Peut-être offrir mes doux mots comme autant de parfums, de fruits et de saveurs qu’on peut garder au cœur.
Peut-être rappeler les couleurs des milliers de petites choses apparemment insignifiantes pour ne pas laisser la grisaille envahir l’espace.

Savoir être pour les proches, les amis, les collègues, les élèves peut-être, les gens autour, un petit instant de douceur.
Un peu comme une pâte de fruits.  😉

Rien que des petits instants

Un vrai week-end d’automne avec des heures de pluie qui rendent la terre plus parfumée, des coins de ciel encore bleus pour éclairer doucement les jaunes, les orangés, les rouges même des feuillages. Et puis, les jolis instants partagés avec les filles, les petits messages du fils encore confiné, les sourires de Léa qui va mieux, l’envie de se revoir tous et la crainte des jours à venir, quand même.

La balade a mené nos pas dans les feuilles mortes qui au vent semblaient si vivantes à tournoyer sans cesse.
Comme la vie est étrange soudain, celle qui me demandait encore au matin comment bien aimer.

Je traîne les pieds dans les feuilles.
J’ai l’impression que tout s’effiloche.
Mes presque certitudes.
Celles qui mettaient l’amour du prochain en tout premier.
Je tape dans les bogues.
Pourtant si.
Chaque fois, c’est bien cette Parole d’amour qui a raisonné ( ou résonné, comme on veut).
Pourquoi je doute.
Je ne suis même pas sûre de ma question.
Des petits cyclamens sauvages étalent leurs frimousses mauves au-dessus des feuillages qui jonchent le sol, morts.
Pourtant si, c’est bien l’amour qui reste.


Alors, rentrer auprès du feu, cuisiner une quiche vraiment gourmande et savourer le temps. Celui qui s’abrite dans la maisonnée, qui attrape les minutes tristes, qui garde la joie intacte. Pas à la folie, pas cette joie intempérante, indomptable, impatiente. Non. Une joie toute petite, toute modeste, presque invisible.

Celle qui sait dire que de beaux jours reviendront. Certainement.

Et qui fait sourire. Encore.

 

Une p’tite claque

Ils sont partis en stage alors on s’est dit au revoir mardi. Dernier cours, j’ai échangé une petite série de bouquins à leur prêter contre leurs carnets autobiographiques à lire.
Pas sûre d’un échange équivalent.

Parce que moi, au soir, j’ai passé deux heures à les lire sans pouvoir décrocher mon regard de leurs mots.
Un petite claque.

Ils ont répondu à mon questionnaire de Proust un peu revisité.
Ils ont dit leur défaut, leur qualité. Justesse des mots.

Ils ont dit leurs couleurs, leur animal, leurs héros de fiction préférés.  Tendresse.
Ils ont écrit leur état d’esprit, celui du moment.

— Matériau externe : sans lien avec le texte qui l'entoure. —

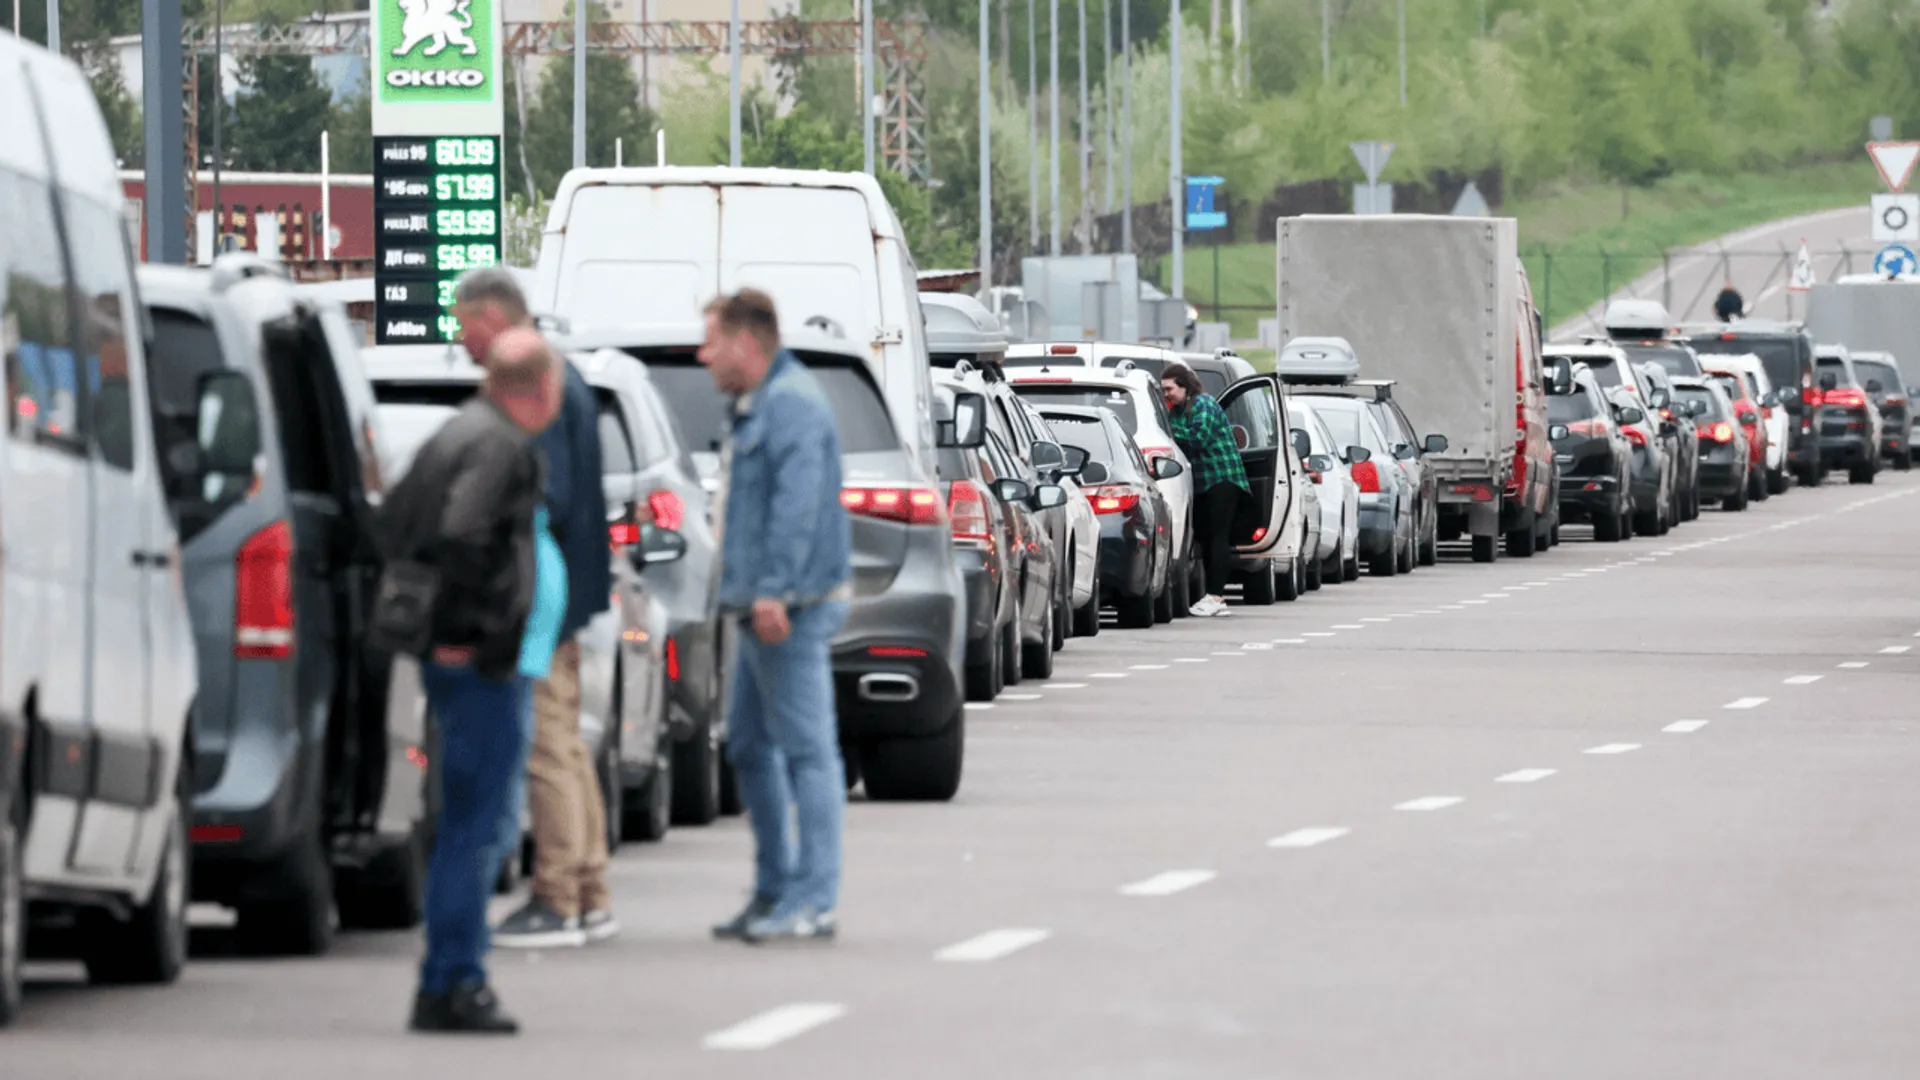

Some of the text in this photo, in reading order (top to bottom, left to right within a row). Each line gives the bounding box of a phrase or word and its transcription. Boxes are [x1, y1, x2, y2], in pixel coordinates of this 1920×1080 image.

[386, 69, 485, 88] OKKO
[410, 144, 428, 160] 95
[436, 138, 494, 166] 60.99
[436, 174, 494, 200] 57.99
[437, 210, 495, 235] 59.99
[437, 244, 496, 270] 56.99
[384, 285, 408, 301] ГАЗ
[386, 321, 427, 337] AdBlue

Avec humour, souvent.

 

Ils ont collé des photos. Jolies.
Ils ont dit leurs dégoûts aussi. Pour les insultes, les injustices, les manques de confiance qu’on avait en eux.
Et le don de la nature qu’ils voudraient avoir. Voler au secours, soulager, guérir.
Arrêter les catastrophes.

Et leurs héros de la vie réelle. Des stars parfois. Leurs parents souvent. 
Et sa p’tite soeur, pour Lui qui n’a plus qu’elle.

Et leur rêve de bonheur. Être et rendre heureux. Tous. Bluffant.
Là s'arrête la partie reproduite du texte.